They could be doing anything else with their time and they chose to be here, helping us, I’d think, and I’d feel almost knocked over with gratitude. It was my first consistent interaction with volunteers. I was in my early twenties. All of this is why I had no idea what to do when one volunteer went a little rogue.
She was lovely but kooky, a classic Santa Cruz type who maybe never experienced a conversation coming to its natural end because, like gas particles in a container, she would fill up whatever space you gave her. I loved this about her and it also made working with her challenging; she would interrupt the short event orientation, change up her role in the middle of the night leaving others hanging, head out early. The structure of it all just clearly wasn’t jiving for her. She’d get spiky when I’d make space for others to speak at orientation, or if I’d offer to shift the role she signed up for. But month after month, she’d keep signing up. What could I do?

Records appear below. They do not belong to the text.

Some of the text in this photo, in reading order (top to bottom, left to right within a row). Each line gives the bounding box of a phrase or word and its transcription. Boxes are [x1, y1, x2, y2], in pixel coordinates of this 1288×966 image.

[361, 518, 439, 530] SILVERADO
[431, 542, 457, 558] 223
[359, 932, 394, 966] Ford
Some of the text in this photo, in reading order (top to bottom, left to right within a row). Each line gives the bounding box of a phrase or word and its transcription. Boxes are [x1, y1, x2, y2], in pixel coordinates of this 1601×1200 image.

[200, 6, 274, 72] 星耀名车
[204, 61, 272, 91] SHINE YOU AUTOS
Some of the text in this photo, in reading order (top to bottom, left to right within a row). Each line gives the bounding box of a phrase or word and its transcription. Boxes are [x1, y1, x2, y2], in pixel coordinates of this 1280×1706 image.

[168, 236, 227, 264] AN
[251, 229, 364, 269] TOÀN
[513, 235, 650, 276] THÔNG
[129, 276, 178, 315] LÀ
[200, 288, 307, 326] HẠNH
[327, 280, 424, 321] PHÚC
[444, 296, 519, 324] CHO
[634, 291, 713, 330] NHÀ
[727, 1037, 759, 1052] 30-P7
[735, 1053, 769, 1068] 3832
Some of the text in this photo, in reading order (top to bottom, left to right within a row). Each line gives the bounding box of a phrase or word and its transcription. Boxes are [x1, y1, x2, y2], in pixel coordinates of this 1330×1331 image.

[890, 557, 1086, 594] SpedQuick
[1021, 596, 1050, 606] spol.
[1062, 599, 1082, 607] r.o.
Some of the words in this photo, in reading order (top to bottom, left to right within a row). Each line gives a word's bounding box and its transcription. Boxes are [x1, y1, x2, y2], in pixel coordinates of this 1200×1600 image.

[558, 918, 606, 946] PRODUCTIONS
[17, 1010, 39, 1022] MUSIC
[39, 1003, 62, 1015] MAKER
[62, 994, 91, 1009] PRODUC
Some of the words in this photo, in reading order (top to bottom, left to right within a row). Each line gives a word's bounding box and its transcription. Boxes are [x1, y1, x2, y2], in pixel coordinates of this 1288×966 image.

Well, you talk to her about it. When my manager told me this, I felt as if he were suggesting I shoot her with a crossbow. Literally, how could I? She was in her sixties and offering her time for free. And I was realizing, on some deep philosophical level, that I didn’t believe it was possible to ask more of volunteers than the extremely basic task they signed up for. All we could do was try our best to nudge them in the right direction. If anything got squirrely, it would be best at that point to close our eyes and pray they’d forget how to get into the building.
In a time where we want to be creating things together more – from the most intimate, loving gatherings, to co-ops and clubs and co-living, to the most generous mutual aid offerings – we’ll be devoting much of our time and effort for free. But outside the container of paid work, when it isn’t necessarily money that tethers us to showing up day after day, but something else (see: love, service, liberation), how does that transform our expectations of one another? This has come up for me in every dimension of giving my time for free: as a volunteer interacting with other volunteers, engaging with paid organizers or staff as a volunteer, organizing others as a volunteer, or not capital V volunteering, but working on projects with friends.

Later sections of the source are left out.